The amplifier 56 is negative feedback connected by a low volume control circuit composed of resistors 46, 48, 51, capacitor 49, 50, and variable resistor 47, so that the variable resistor 47 It is possible to selectively adjust the volume of the low sound amplified by the amplifier 56 while adjusting the value of), as well as to the high volume control circuit comprising the capacitors 52, 53, resistor 55 and variable resistor 54. Since the negative feedback is connected by the amplifier 56, it is possible to adjust the volume of the high amplified sound. Therefore, the lantern of the present invention is used while charging the battery 6 with a suitable voltage, and can wait until it reaches a minimum charging voltage, so that the charging capacity of the battery 6 is almost unchanged in a low state.
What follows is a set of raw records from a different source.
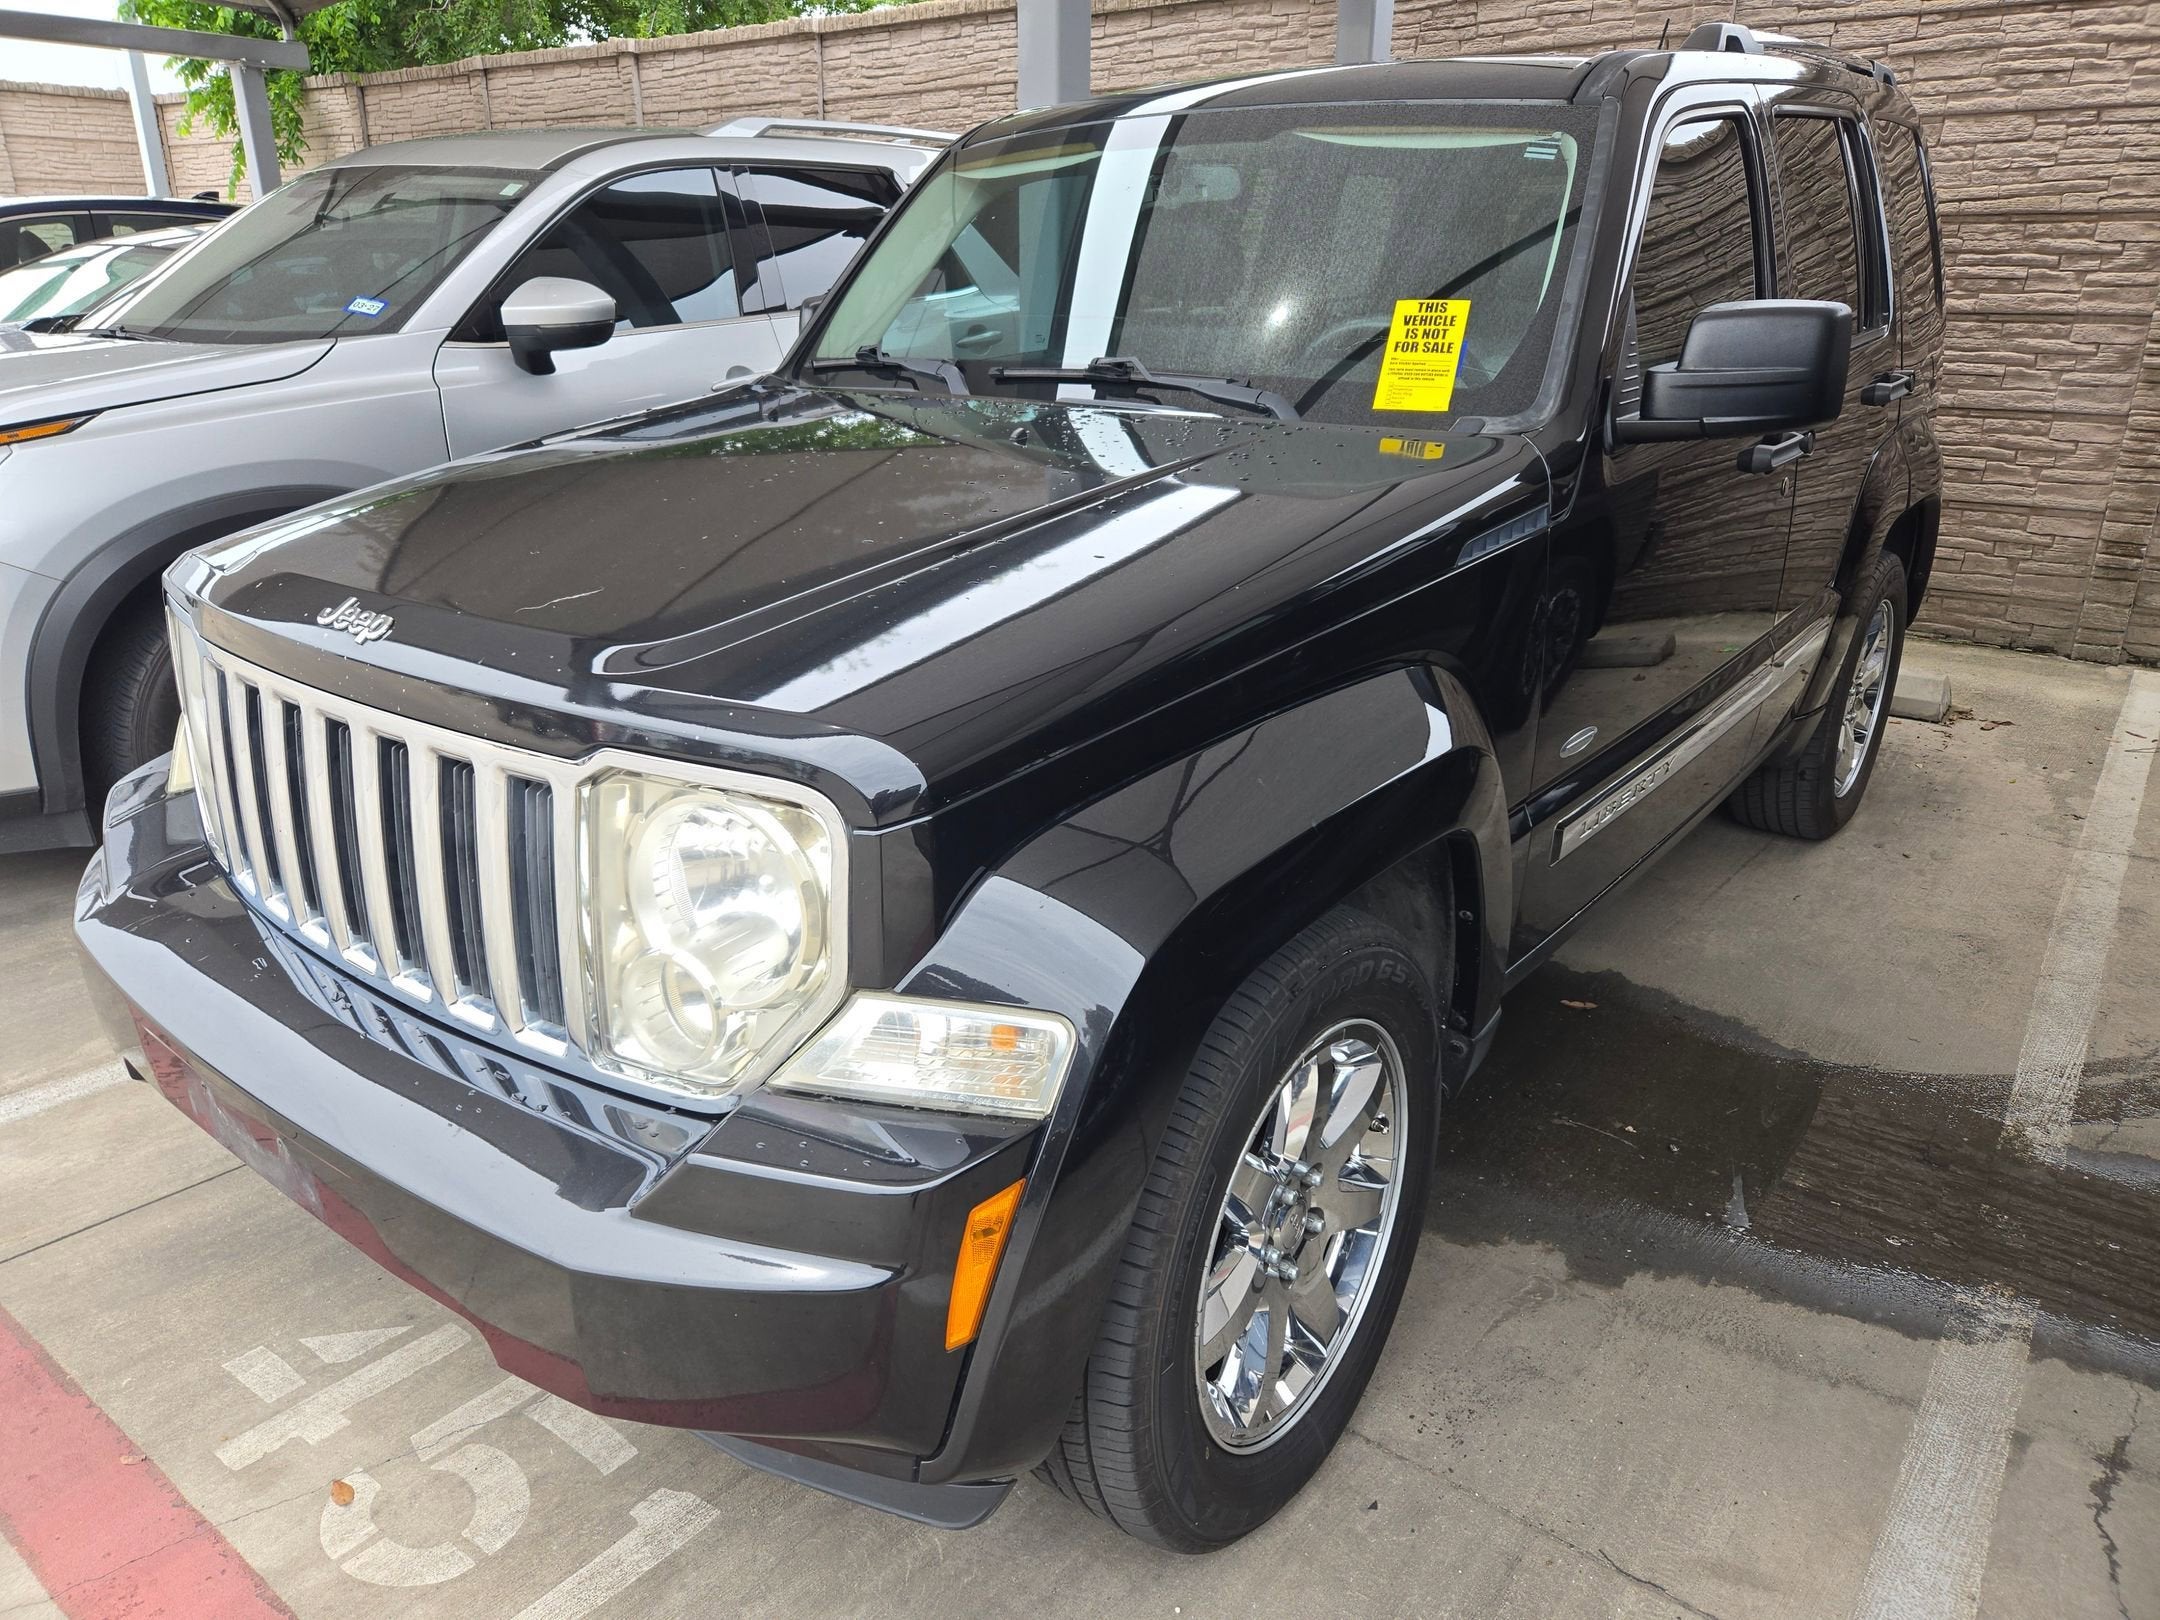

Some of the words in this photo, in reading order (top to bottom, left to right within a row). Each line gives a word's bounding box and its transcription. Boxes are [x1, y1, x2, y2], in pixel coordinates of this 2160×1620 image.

[1417, 302, 1449, 314] THIS
[1403, 315, 1457, 327] VEHICLE
[1405, 328, 1419, 340] IS
[1421, 328, 1450, 340] NOT
[1393, 341, 1419, 353] FOR
[1422, 342, 1455, 354] SALE
[316, 596, 394, 646] Jeep
[1579, 752, 1679, 839] LIBERTY
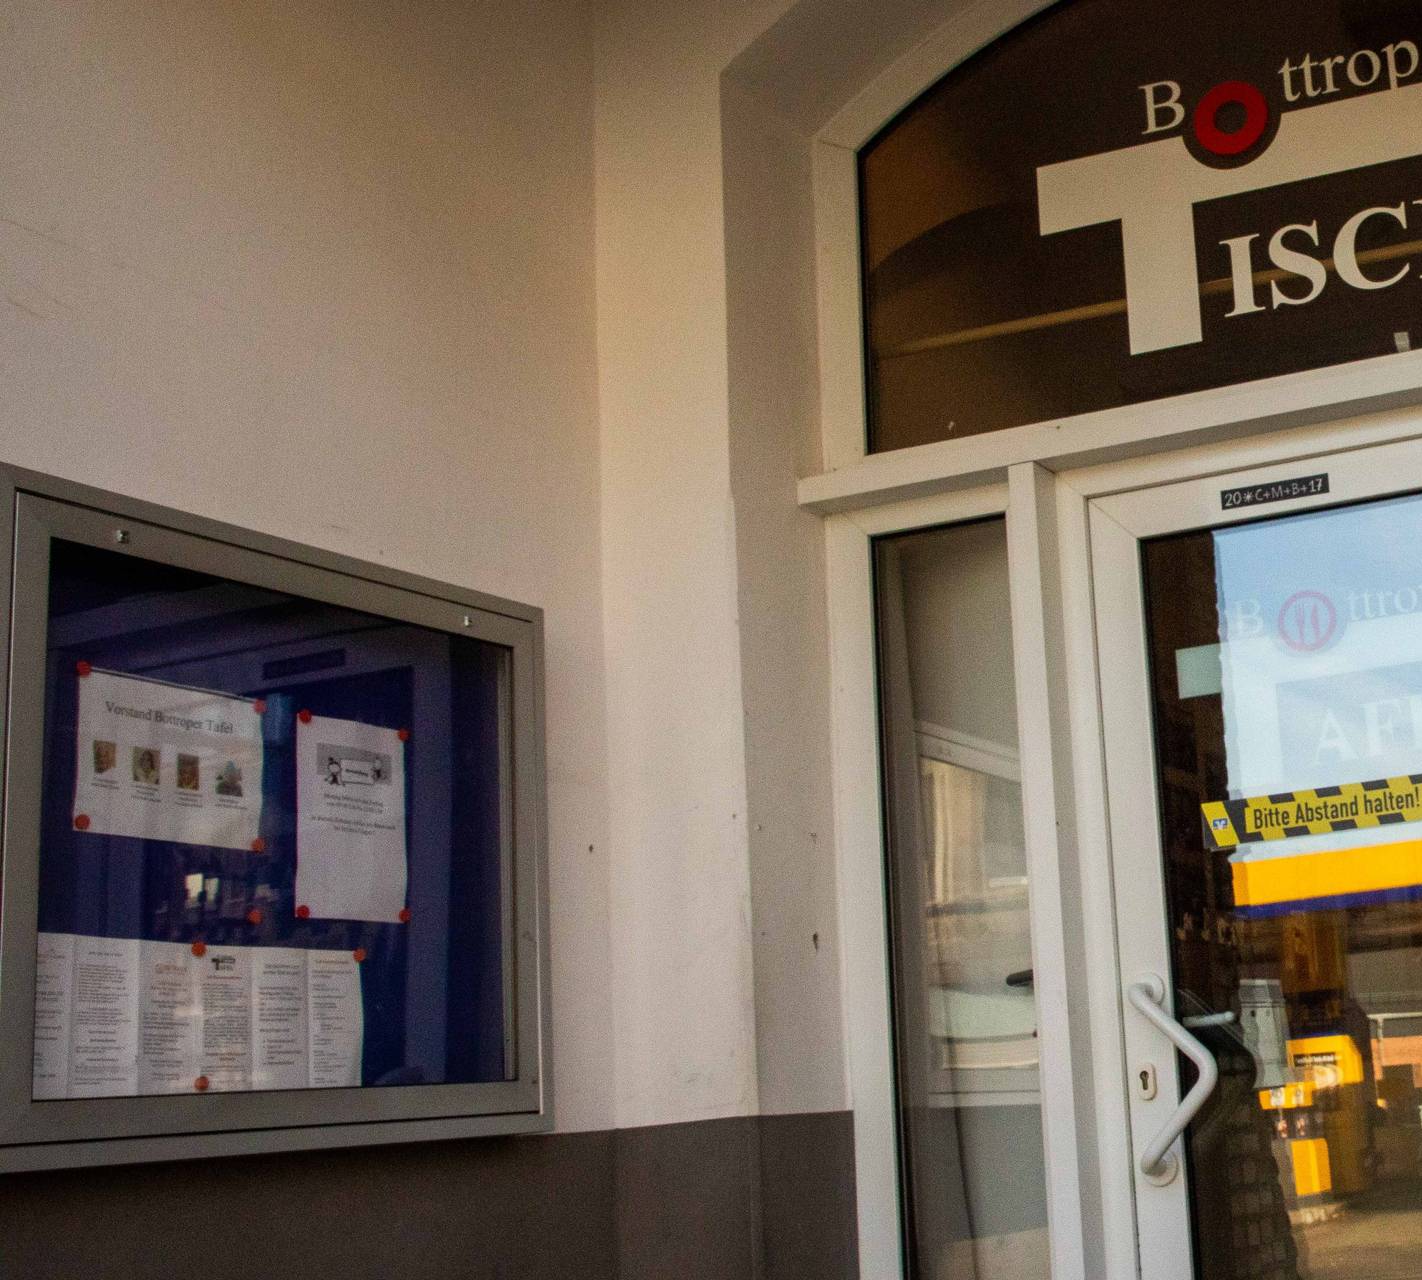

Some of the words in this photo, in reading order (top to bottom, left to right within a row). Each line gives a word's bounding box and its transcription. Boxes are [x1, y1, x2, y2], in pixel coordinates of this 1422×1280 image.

[105, 701, 152, 721] Vorstand
[154, 711, 203, 731] Bottroper
[207, 719, 234, 734] Tafel
[1253, 805, 1290, 830] Bitte
[1295, 796, 1358, 824] Abstand
[1364, 787, 1420, 815] halten!
It can be used, and the charging time is run at the same time as both the visual and auditory, eliminating the hassle of having to worry about when the user needs to charge.

Claims (1)

The AC power is converted into a DC voltage by the transformer 8 and the bridge circuits 9 to 12, and the DC voltage is applied to the transistors 15, 20, 21, 26, and 28. A lantern for efficiently charging the storage battery 6 by turning on / off and displaying the state and operation state of the storage battery 6 with the tricolor light emitting diodes 4; A resistor 42 and a time constant element of the capacitor 43 are connected to the voice IC 41 connected to the emitter of the transistor 21, and the output of the voice IC 41 is a resistor 46, 48, a capacitor. Amplifier 56 which is negatively fed back by a low volume control circuit consisting of 49, 50 and variable resistors 47 and a high volume control circuit consisting of condensers 52, 53 and variable resistor 54 Lantern, characterized in that to be amplified by the after being output through the speaker (3) to inform the time and the charge by the tri-color light emitting diode (4).